Thursday, April 2, 2009

A Culture of Bullies

What do School Bullies, Domestic Abuse, and Abortion have in common?
They are all the result of an imbalance of power between people who are supposed to be in relationship, and they are a sign of the lack of relationship between humanity and God.

I recently read a book by popular author Jodi Picoult. The title of the book was "Nineteen Minutes" and it is about a boy, Peter, who has been bullied in school from kindergarten until the age of seventeen, when he finally "takes care of it" and goes on a rampage, shooting and killing 10 students, and wounding many more. Many of the students he kills are his tormentors.
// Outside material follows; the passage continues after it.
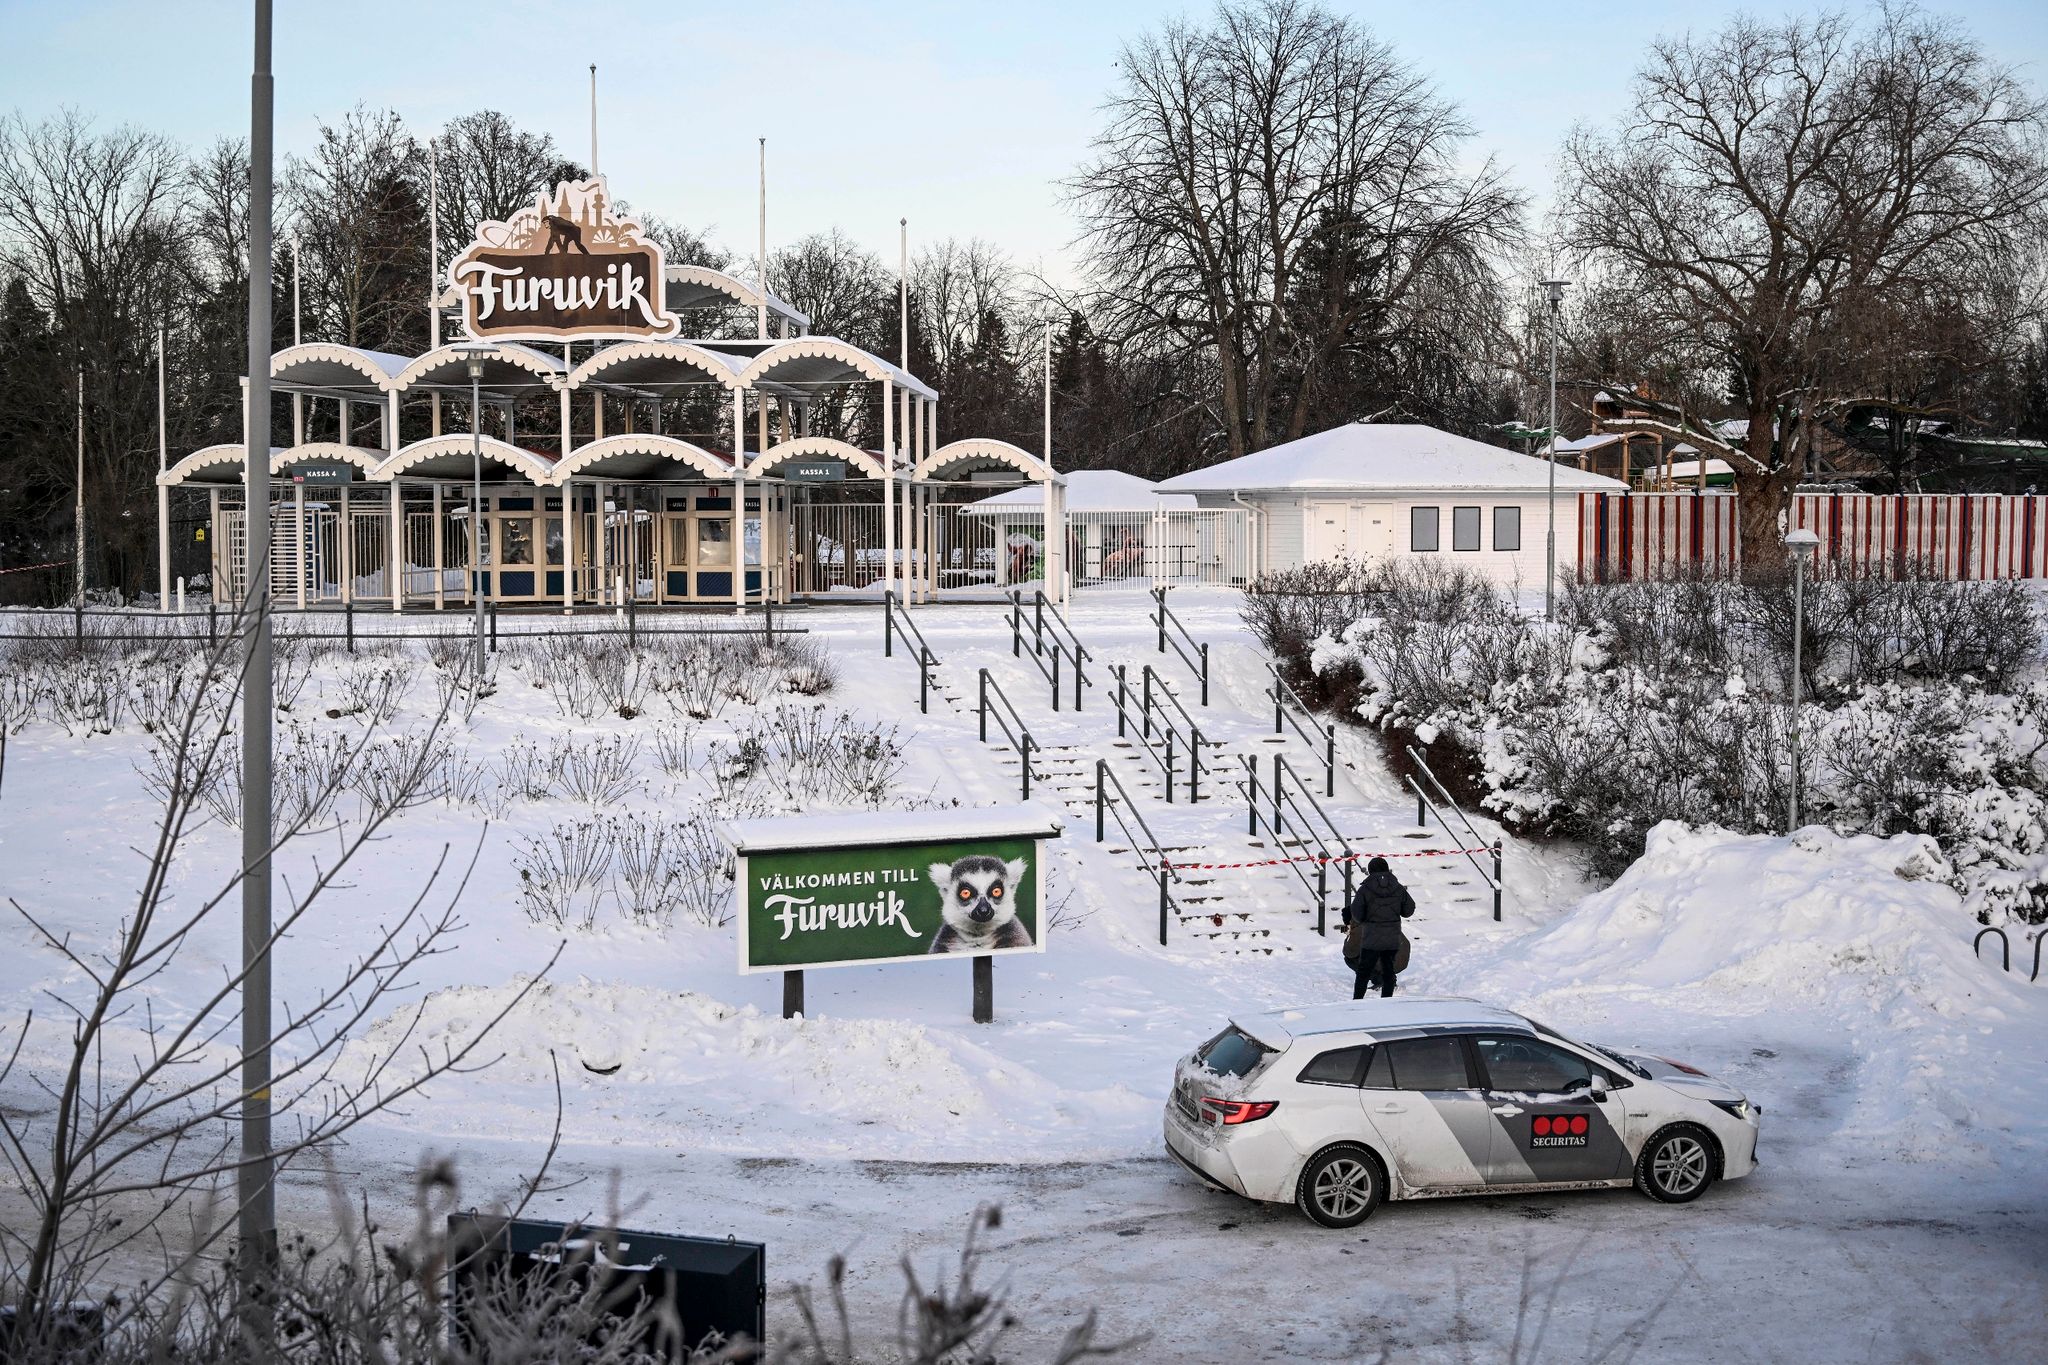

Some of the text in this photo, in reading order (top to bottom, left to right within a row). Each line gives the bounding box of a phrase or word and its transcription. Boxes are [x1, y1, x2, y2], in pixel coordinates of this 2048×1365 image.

[457, 262, 669, 328] Furuvik
[760, 868, 919, 891] VÄLKOMMEN TILL
[764, 890, 922, 940] Furuvik
[1533, 1136, 1586, 1147] SECURITAS
Some are just in the wrong place at the wrong time. He has taken all he can stand and he decides that they aren't going to hurt him any more. The system has been totally incapable of stopping the abuse and his own parents don't realize the agony that he endures every day.

One glaring deficit in the life of this boy is any kind of relationship with God. His world is empty of meaning and he can find no value for himself in it. He doesn't find unconditional Love anywhere.
Even his parents have measured his worth, unknowingly, by comparing him to his stellar older brother, who was killed a year before in an accident.
He feels totally overwhelmed and hopeless and his behavior seems to reflect Post Traumatic Stress Disorder. The reader can't help but wonder if the outcome for this kid would be different if he knew that there is someone who loves him more than anyone else can, and that he is valued and cherished by a loving Father who is perfect, and who promises "Blessed are the meek, for they shall inherit the earth." and "Blessed are they who are persecuted for the sake of righteousness, for their's is the kingdom of heaven".

I am not, in any way, excusing the way Peter deals with his enemies. He becomes a bully in his own right when he picks up weapons and makes himself the tormentor. He destroys the lives of not only his victims, but parents, grandparents, siblings, and turns his small, peaceful town into a killing field. He becomes a monster and he deserves to be punished.

As the story proceeds, we find that another central character, Josie, a girl that has become popular, but used to be Peter's best friend, is dating Matt, the worst of the bullies. Matt takes daily pleasure in making Peter's life a living hell. He is also abusing Josie. He pushes her around, he is insanely jealous and he has driven Josie almost to the point of suicide. This is "Battered Wife Syndrome" going somewhere to happen. He has a hold over her, like he abuses Peter. They are both mentally and emotionally battered.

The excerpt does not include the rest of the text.